**WHAT YOU WILL DO**
Give a faithful, exact copy of all entries, minus the images.

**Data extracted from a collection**
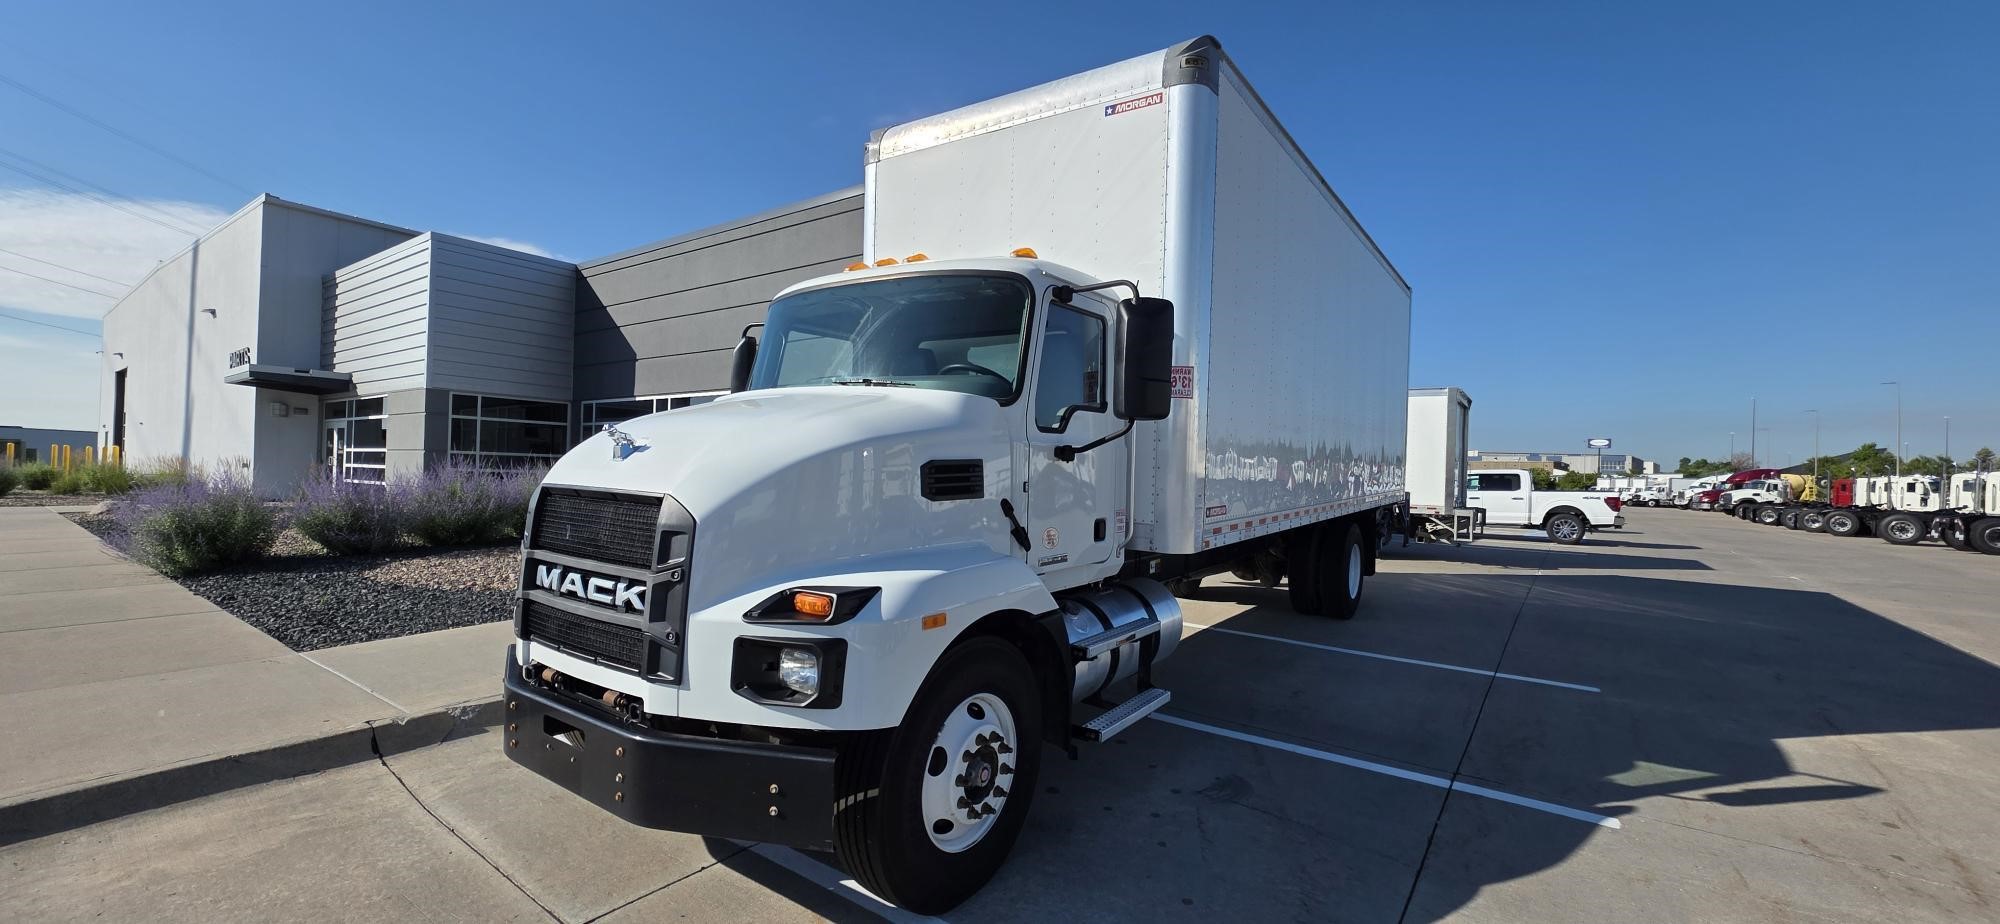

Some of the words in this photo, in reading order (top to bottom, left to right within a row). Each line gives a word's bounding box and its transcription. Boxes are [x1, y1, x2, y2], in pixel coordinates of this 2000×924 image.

[1114, 94, 1162, 114] MORGAN
[229, 346, 251, 369] PARTS
[535, 564, 647, 611] MACK
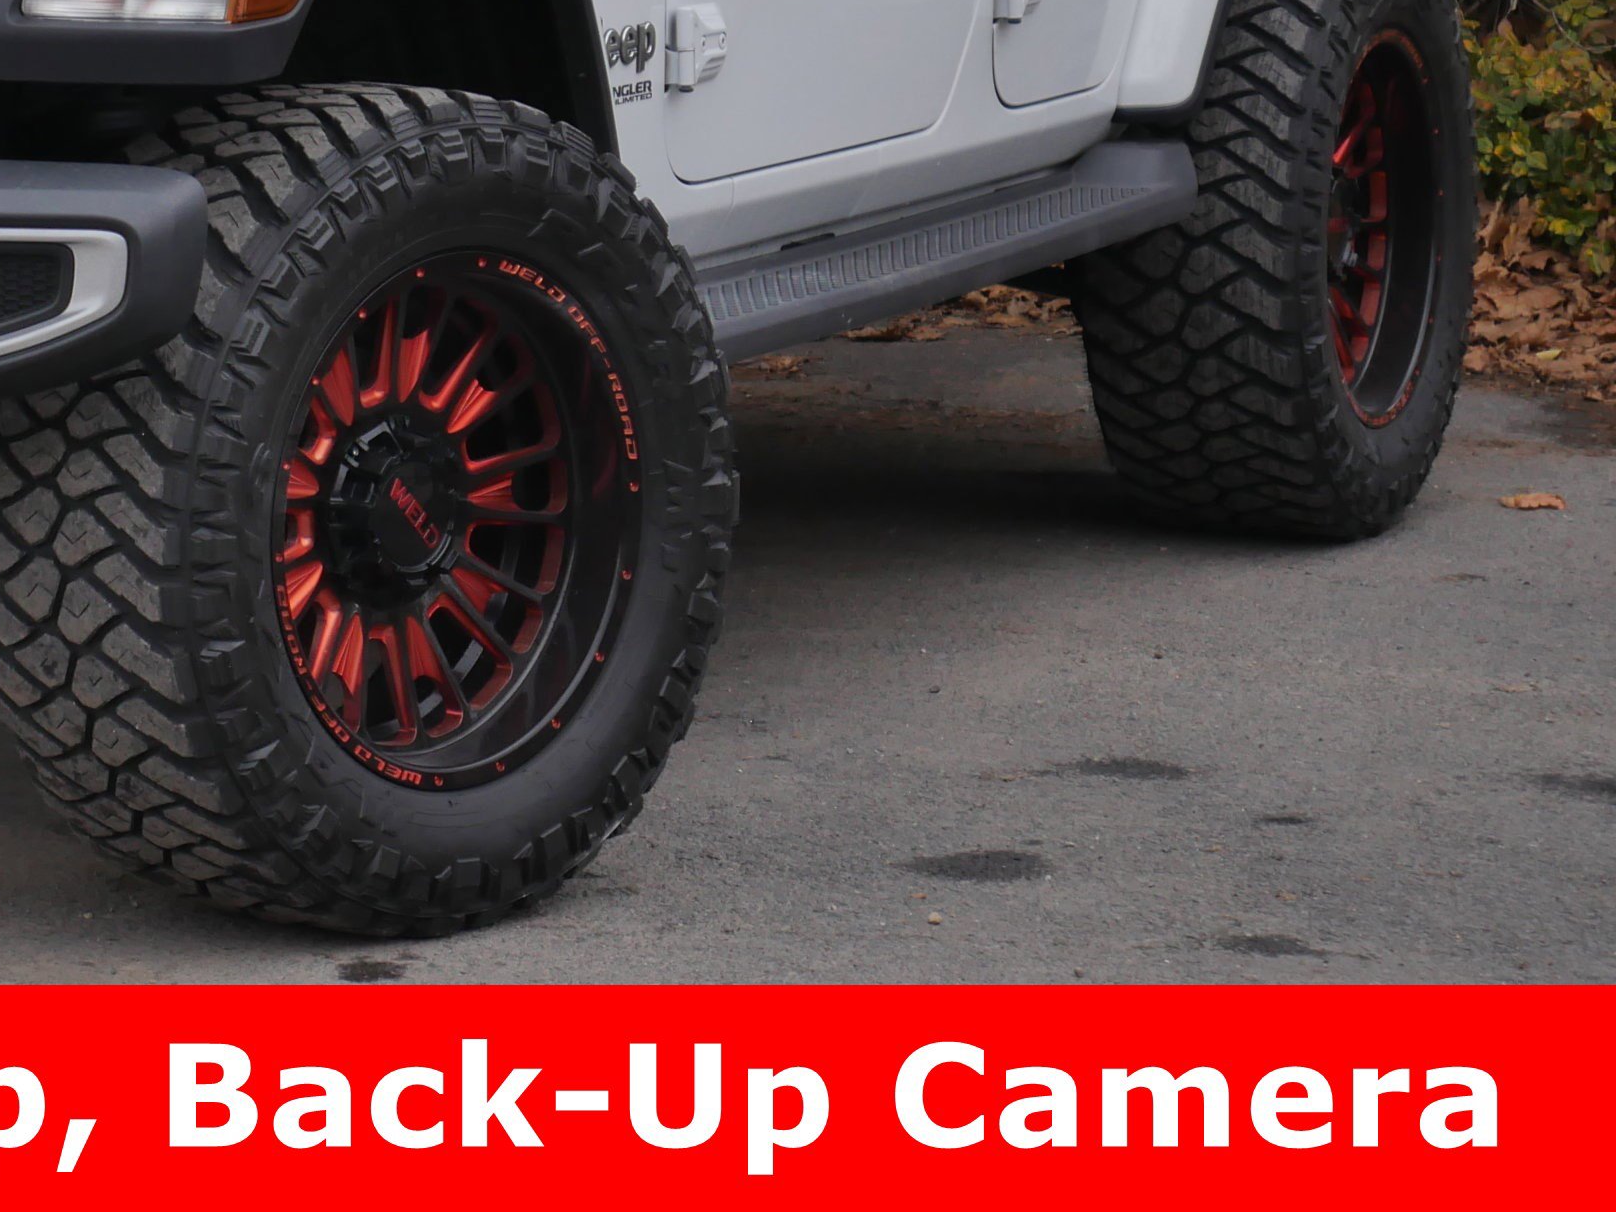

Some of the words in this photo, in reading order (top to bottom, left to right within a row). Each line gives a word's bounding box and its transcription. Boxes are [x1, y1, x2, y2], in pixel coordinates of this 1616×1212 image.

[602, 21, 656, 73] eep
[613, 80, 652, 98] NGLER
[615, 92, 652, 106] LIMITED
[499, 260, 566, 303] WELD
[390, 478, 441, 548] WELD
[353, 744, 422, 785] WELD

**RESPONSE**
Some of the words in this photo, in reading order (top to bottom, left to right within a row). Each line gives a word's bounding box and its transcription. Boxes are [x1, y1, x2, y2], in pixel coordinates of this 2000×924 image.

[1114, 94, 1162, 114] MORGAN
[229, 346, 251, 369] PARTS
[535, 564, 647, 611] MACK

Some of the words in this photo, in reading order (top to bottom, left to right within a row). Each line gives a word's bounding box and its transcription. Boxes are [x1, y1, x2, y2], in pixel coordinates of this 1616×1212 image.

[602, 21, 656, 73] eep
[613, 80, 652, 98] NGLER
[615, 92, 652, 106] LIMITED
[499, 260, 566, 303] WELD
[390, 478, 441, 548] WELD
[353, 744, 422, 785] WELD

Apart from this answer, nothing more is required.